For me to get into this discussion, I have to go WAY back to December 2020. Yes, that seems like a lifetime ago. Well there was a blog (remember those, not a Substack or a Medium post, but a blog) that was admittedly mean-hearted, but most things are nowadays, that went after the venerable photography agency MAGNUM for something that was brought to general knowledge on this photography marketing website that mostly had gear reviews. Following? Well then it goes further, the CEO of MAGNUM — a tech-giant addition to the administrative end of the agency that is owned by its photographers — and the President of the agency (because they have both a CEO and a President, something maybe most countries could follow with in 2021) responded the the allegations the blog put on a single photographer. I don’t want to go deeply into the controversy, because its been covered fully elsewhere in an article. This of course caused what Magnum’s CEO would call under her breath in internal communications “Trial by Twitter”, and to complete the Social-Circle, a member of MAGNUM’s educational wing had to respond on Instagram. Whew!

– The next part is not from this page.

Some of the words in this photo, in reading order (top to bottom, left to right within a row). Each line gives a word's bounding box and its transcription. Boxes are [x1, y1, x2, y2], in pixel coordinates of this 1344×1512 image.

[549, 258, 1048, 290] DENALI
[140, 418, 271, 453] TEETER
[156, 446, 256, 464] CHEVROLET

It’s some things that were stated on the Instagram post that I will focus on here. He said,
“I do believe that the main problem at play here is the lack of visual literacy of a large portion of the photography spectators and photographers inside Magnum Photos and across the photography world. We are offered almost no visual education in school. Due to the preconceived notion that ‘images speak for themselves’, photographers embarking on their on their professional careers do not often consider ways in which they might reinforce biases portrayed in photographs and visual materials through their practice.”

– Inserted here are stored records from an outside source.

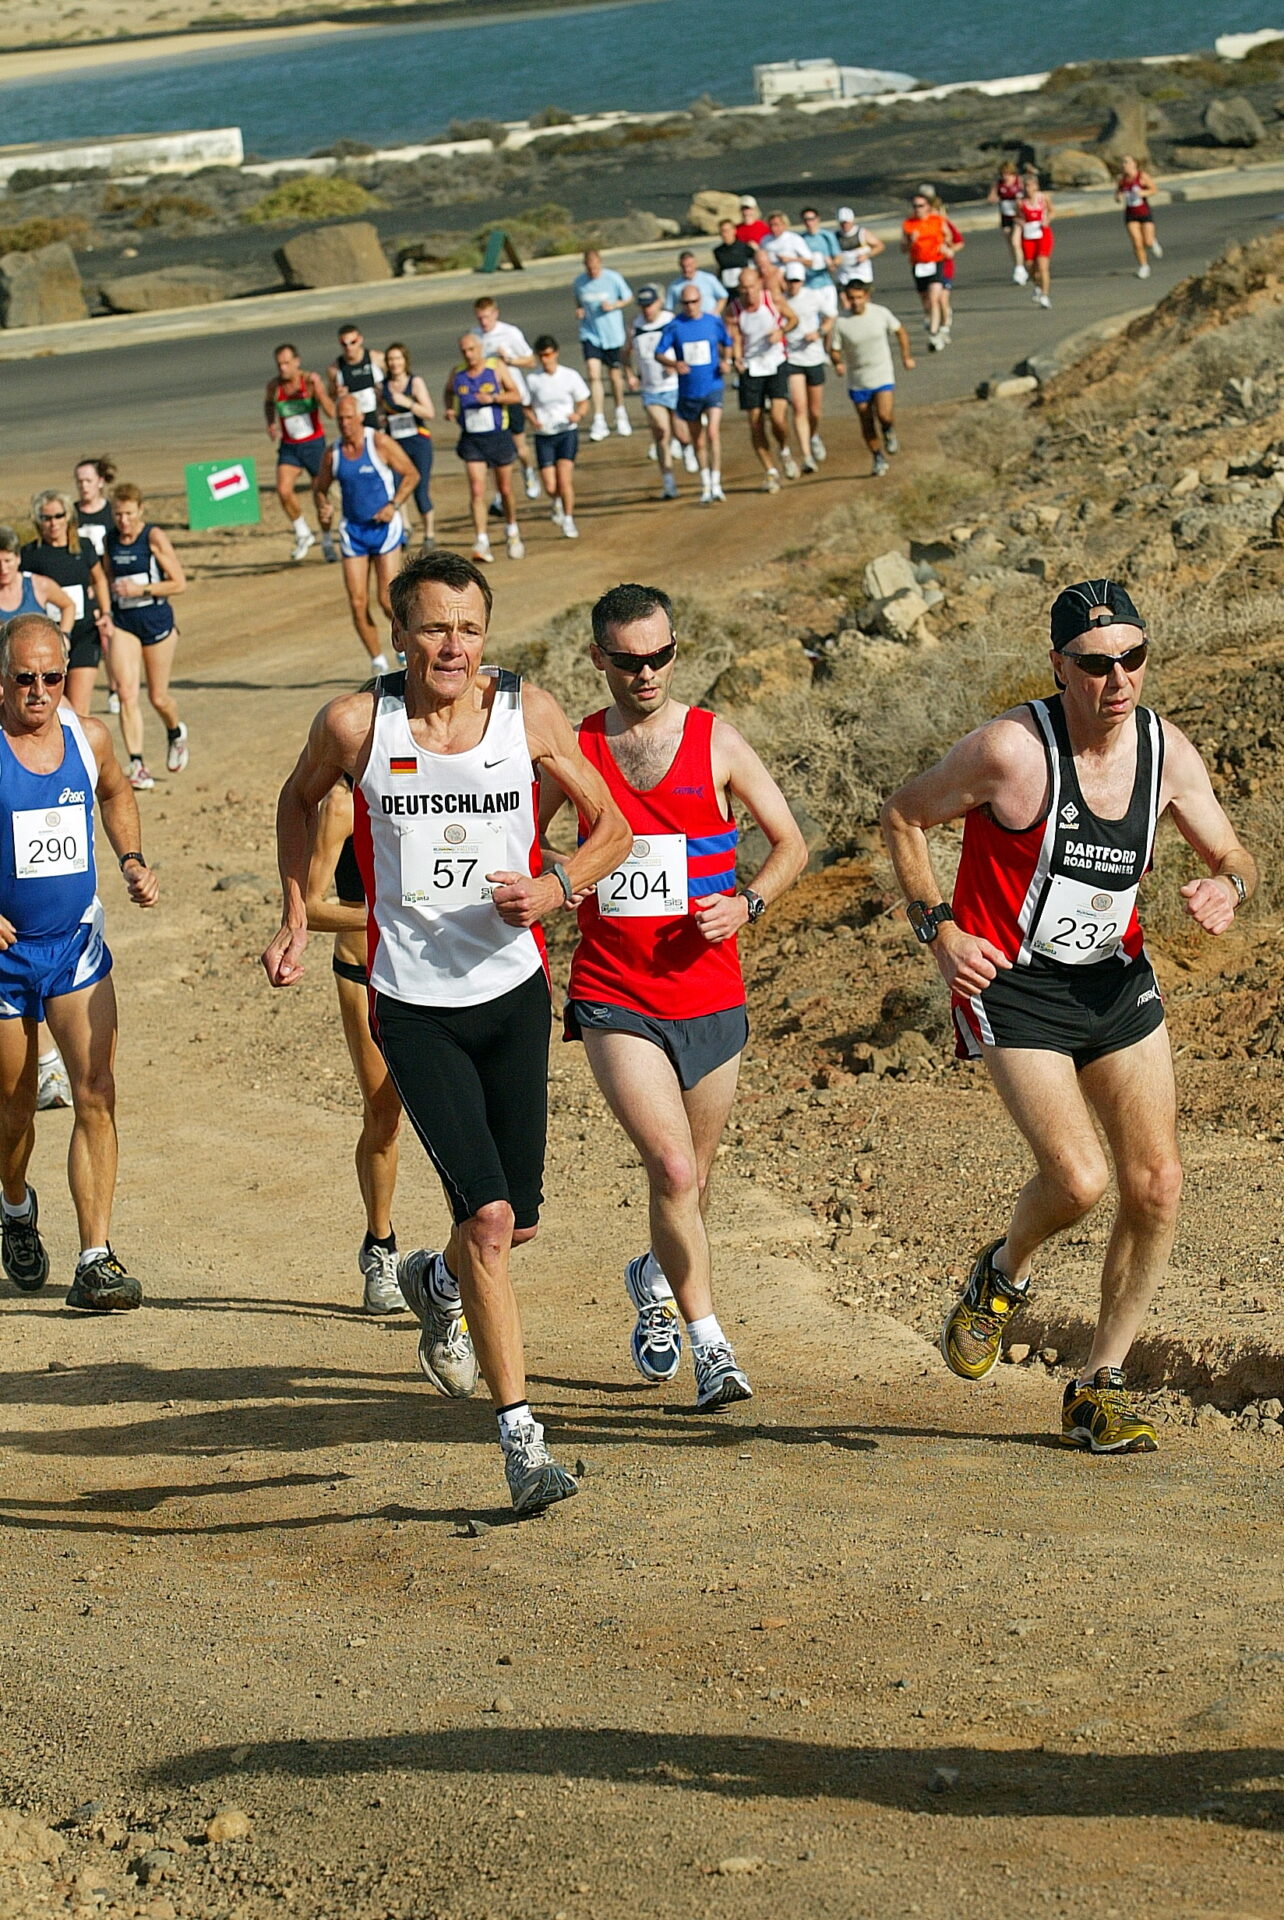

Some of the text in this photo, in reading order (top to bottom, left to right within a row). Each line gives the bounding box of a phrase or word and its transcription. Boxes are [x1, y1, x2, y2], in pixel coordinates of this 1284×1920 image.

[381, 791, 520, 815] DEUTSCHLAND
[28, 836, 77, 864] 290
[1065, 840, 1137, 864] DARTFORD
[433, 859, 479, 889] 57
[1063, 855, 1134, 875] ROAD RUNNERS
[610, 871, 671, 901] 204
[1050, 917, 1117, 950] 232

Now, I’m not going to go much into the rest of the post. It was quite erudite and personal and you can find it yourself if you want to go deeper into the references to some flagrant discriminatory histories that are very prevalent in EVERY industry, and need to be quelled. What is important to my discussion here is the reference to Visual Literacy and how to dismantle the inadequacy of photography’s brief but important history (especially for democracy and capitalism’s overreaching, never-ending thirst for images), we have to first understand not only the technical, gear related history of the art, but also why and how the prevalent industries that depend on photography even came to be.
Back to Clubhouse for a second. I of course was drawn to a few of the groups, set up as clubs that had discussion rooms, for photography. One of the largest on the app is one called Behind The Lens. BTL is self-proclaimed as a “safe place” for creatives of all genres — by all genres it means, photographers, make-up artists, models and others in the commercial photography arena. The Club was created by a photographer named Chelsea Lauren, and the group has a Discord page to work out the things like scheduling talks, gathering community and more things that a Discord channel would be better suited for. This is great, seems promising, however back on Clubhouse I found it to be a bit different. But before we get into this, let’s talk about another social site that is basically dead in social media terms, Tumblr.
David Karp and Marco Arment launched Tumblr in 2007. On February 19, 2007, the first version of the Tumblr microblogging service was founded by David Karp and Marco Arment. They launched a more complete version in April 2007. Arment left Tumblr in 2010. A TechCrunch article in 2013 noted that almost one fourth of Tumbr was adult content.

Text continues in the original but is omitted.